I am trying to use the input layer to compute a residue and have the loss function based on that residue. I am trying to use the method described in this answer, however when i try to call the fit method i get this error:
TypeError: in user code:
c:\python38\lib\site-packages\tensorflow\python\keras\engine\training.py:805 train_function *
return step_function(self, iterator)
c:\python38\lib\site-packages\tensorflow\python\keras\engine\training.py:795 step_function **
outputs = model.distribute_strategy.run(run_step, args=(data,))
c:\python38\lib\site-packages\tensorflow\python\distribute\distribute_lib.py:1259 run
return self._extended.call_for_each_replica(fn, args=args, kwargs=kwargs)
c:\python38\lib\site-packages\tensorflow\python\distribute\distribute_lib.py:2730 call_for_each_replica
return self._call_for_each_replica(fn, args, kwargs)
c:\python38\lib\site-packages\tensorflow\python\distribute\distribute_lib.py:3417 _call_for_each_replica
return fn(*args, **kwargs)
c:\python38\lib\site-packages\tensorflow\python\keras\engine\training.py:788 run_step **
outputs = model.train_step(data)
c:\python38\lib\site-packages\tensorflow\python\keras\engine\training.py:755 train_step
loss = self.compiled_loss(
c:\python38\lib\site-packages\tensorflow\python\keras\engine\compile_utils.py:237 __call__
self._loss_metric.update_state(
c:\python38\lib\site-packages\tensorflow\python\keras\utils\metrics_utils.py:90 decorated
update_op = update_state_fn(*args, **kwargs)

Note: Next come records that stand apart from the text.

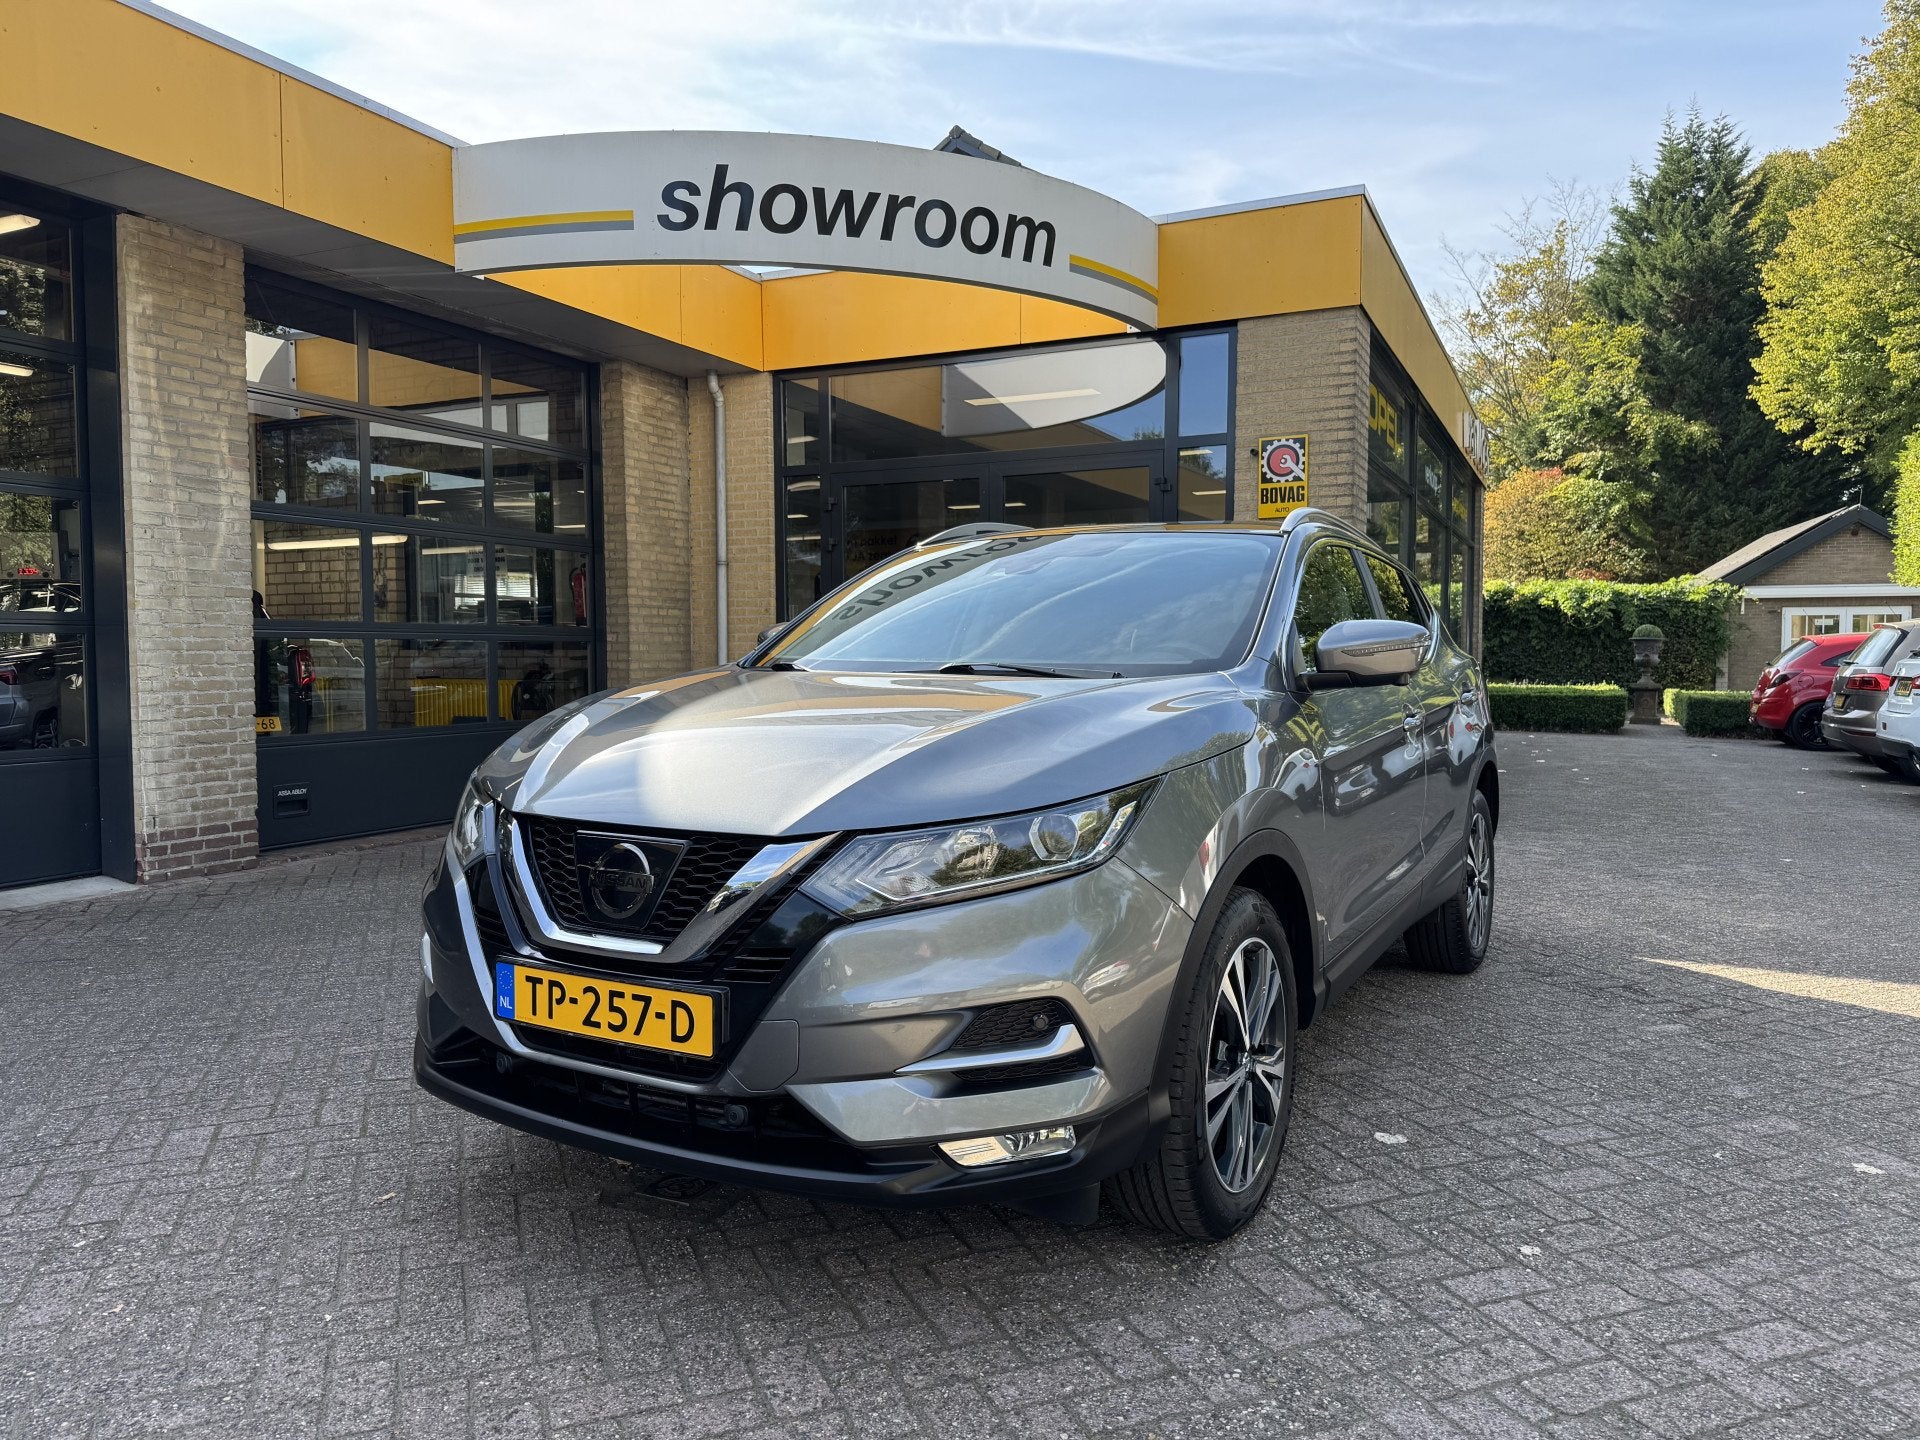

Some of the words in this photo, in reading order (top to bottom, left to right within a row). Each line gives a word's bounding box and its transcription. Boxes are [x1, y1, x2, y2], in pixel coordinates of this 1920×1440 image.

[656, 163, 1057, 268] showroom
[1368, 382, 1401, 453] OPEL
[1260, 485, 1305, 505] BOVAG
[277, 789, 292, 798] ASSA
[291, 787, 308, 796] ABLOY
[499, 995, 513, 1010] NL
[525, 975, 695, 1044] TP-257-D
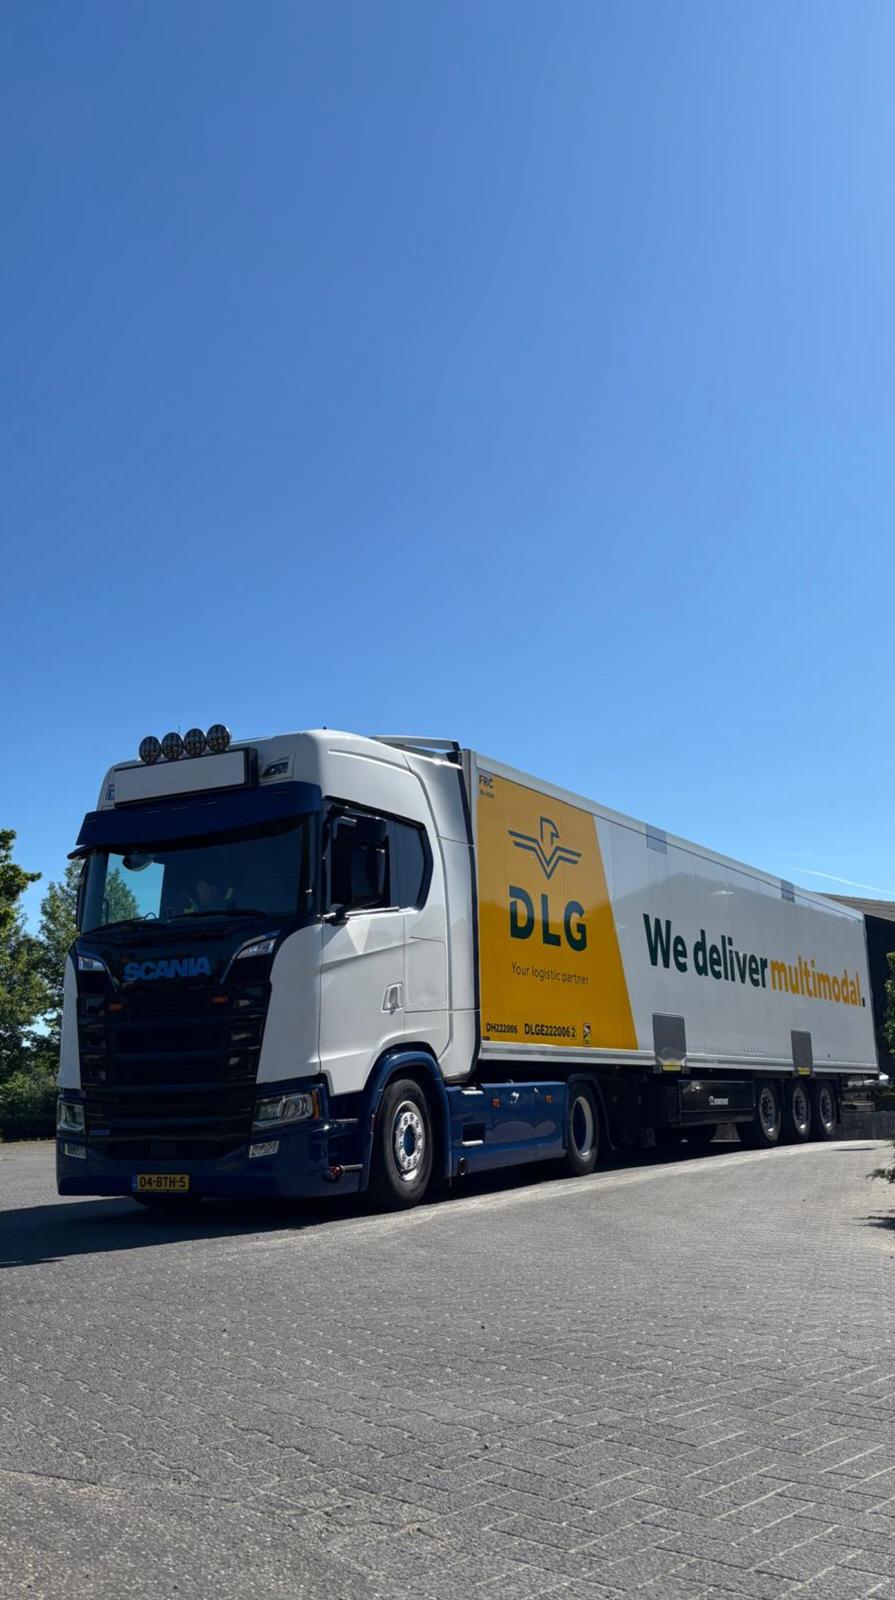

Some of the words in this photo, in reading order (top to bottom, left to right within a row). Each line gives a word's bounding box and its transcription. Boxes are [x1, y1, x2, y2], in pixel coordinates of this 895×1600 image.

[479, 775, 494, 789] FRC
[508, 885, 588, 952] DLG
[123, 956, 213, 981] SCANIA
[642, 913, 688, 973] We
[693, 928, 768, 988] deliver
[770, 955, 866, 1007] multimodal.
[511, 961, 530, 976] Your
[531, 966, 561, 982] logistic
[562, 971, 590, 985] partner
[139, 1176, 186, 1188] 04-BTH-5

c:\python38\lib\site-packages\tensorflow\python\keras\metrics.py:177 update_state_fn
return ag_update_state(*args, **kwargs)
c:\python38\lib\site-packages\tensorflow\python\keras\metrics.py:363 update_state **
sample_weight = weights_broadcast_ops.broadcast_weights(
c:\python38\lib\site-packages\tensorflow\python\ops\weights_broadcast_ops.py:155 broadcast_weights
values = ops.convert_to_tensor(values, name="values")
c:\python38\lib\site-packages\tensorflow\python\profiler\trace.py:163 wrapped
return func(*args, **kwargs)
c:\python38\lib\site-packages\tensorflow\python\framework\ops.py:1540 convert_to_tensor
ret = conversion_func(value, dtype=dtype, name=name, as_ref=as_ref)

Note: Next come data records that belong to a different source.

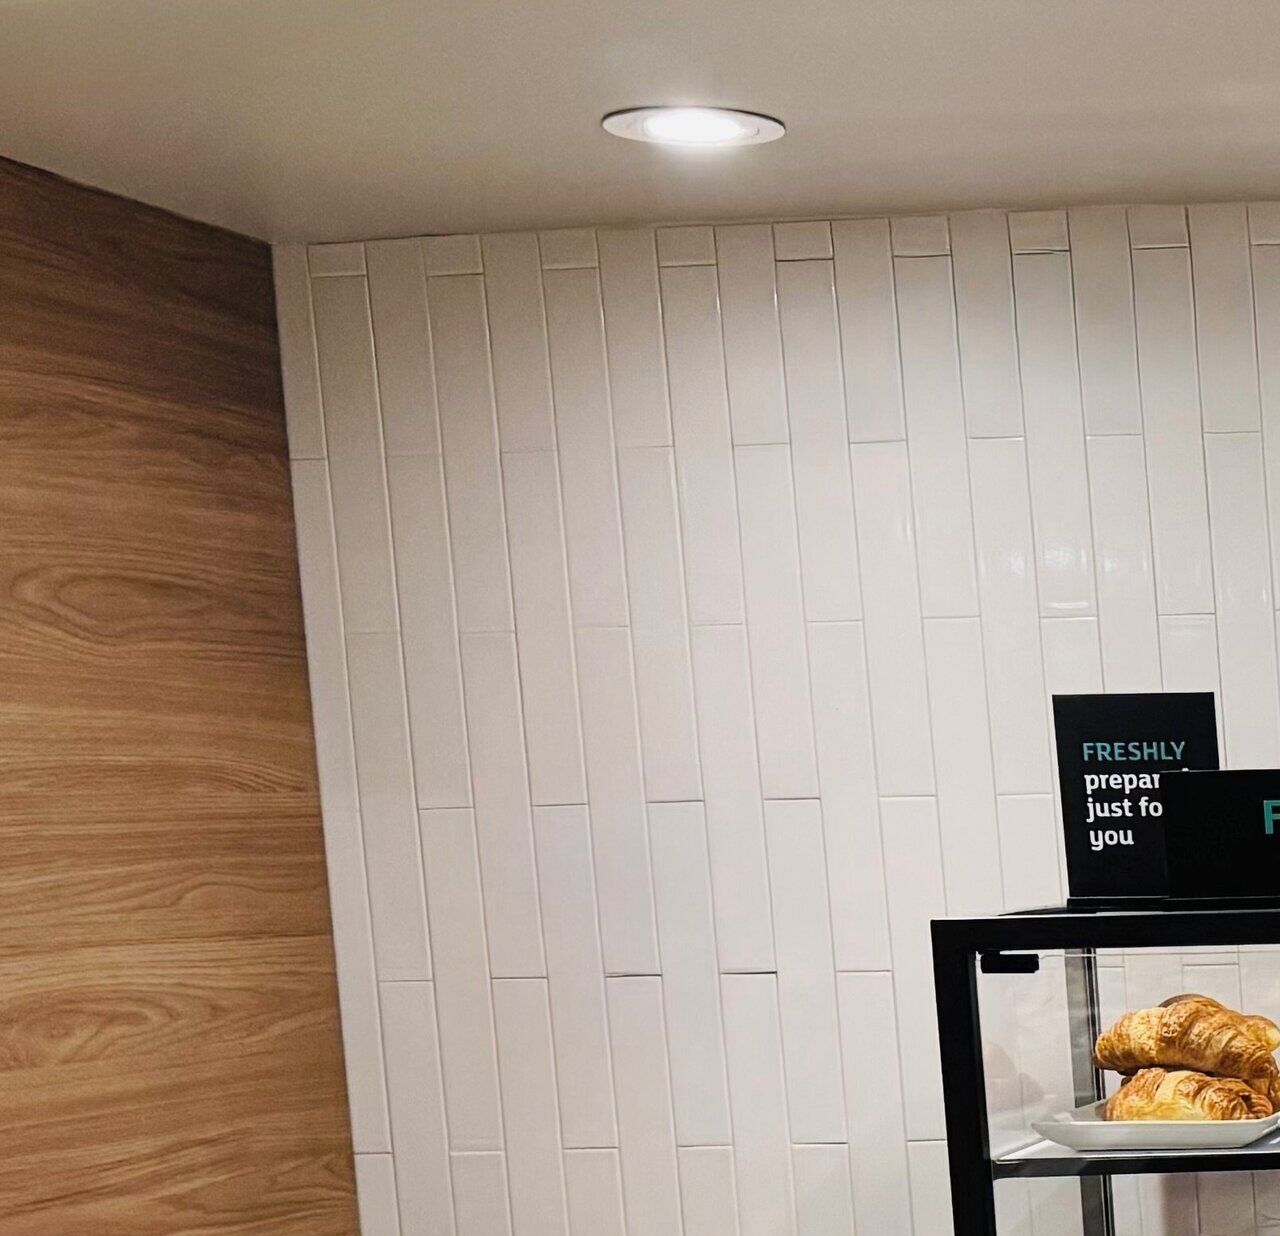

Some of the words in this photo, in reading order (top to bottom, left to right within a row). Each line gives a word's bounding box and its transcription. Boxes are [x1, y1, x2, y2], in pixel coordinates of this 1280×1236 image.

[1083, 742, 1185, 761] FRESHLY
[1084, 774, 1160, 794] prepar
[1086, 797, 1133, 822] just
[1139, 797, 1162, 816] fo
[1090, 830, 1134, 850] you

c:\python38\lib\site-packages\tensorflow\python\framework\constant_op.py:339 _constant_tensor_conversion_function
return constant(v, dtype=dtype, name=name)
c:\python38\lib\site-packages\tensorflow\python\framework\constant_op.py:264 constant
return _constant_impl(value, dtype, shape, name, verify_shape=False,
c:\python38\lib\site-packages\tensorflow\python\framework\constant_op.py:281 _constant_impl
tensor_util.make_tensor_proto(
c:\python38\lib\site-packages\tensorflow\python\framework\tensor_util.py:435 make_tensor_proto
values = np.asarray(values)
c:\python38\lib\site-packages\numpy\core\_asarray.py:83 asarray
return array(a, dtype, copy=False, order=order)
c:\python38\lib\site-packages\tensorflow\python\keras\engine\keras_tensor.py:273 __array__
raise TypeError(
TypeError: Cannot convert a symbolic Keras input/output to a numpy array. This error may indicate that you're trying to pass a symbolic value to a NumPy call, which is not supported. Or, you may be trying to pass Keras symbolic inputs/outputs to a TF API that does not register dispatching, preventing Keras from automatically converting the API call to a lambda layer in the Functional Model.
This is the loss function i use
def custom_loss(inputs):
def loss(y_true, y_pred):
residue = y_true - inputs
return 1/2 * tf.math.squared_difference(residue, y_pred)
return loss
And this is the way i compile the model:
opt = tf.keras.optimizers.RMSprop(learning_rate=0.1, clipnorm=1)
model.compile(optimizer=opt,
loss=custom_loss(inputs),
metrics=[PSNR, SSIM])
The error arises when i call model.fit(). I want to point out that i am using a generator for a dataset, but I have been using the same approach with different models, that didn't require a custom loss function, and everything works well. It seems that the problem arises because i am using the keras.Input() layer in the loss function, but i don't know how to circumvent this error.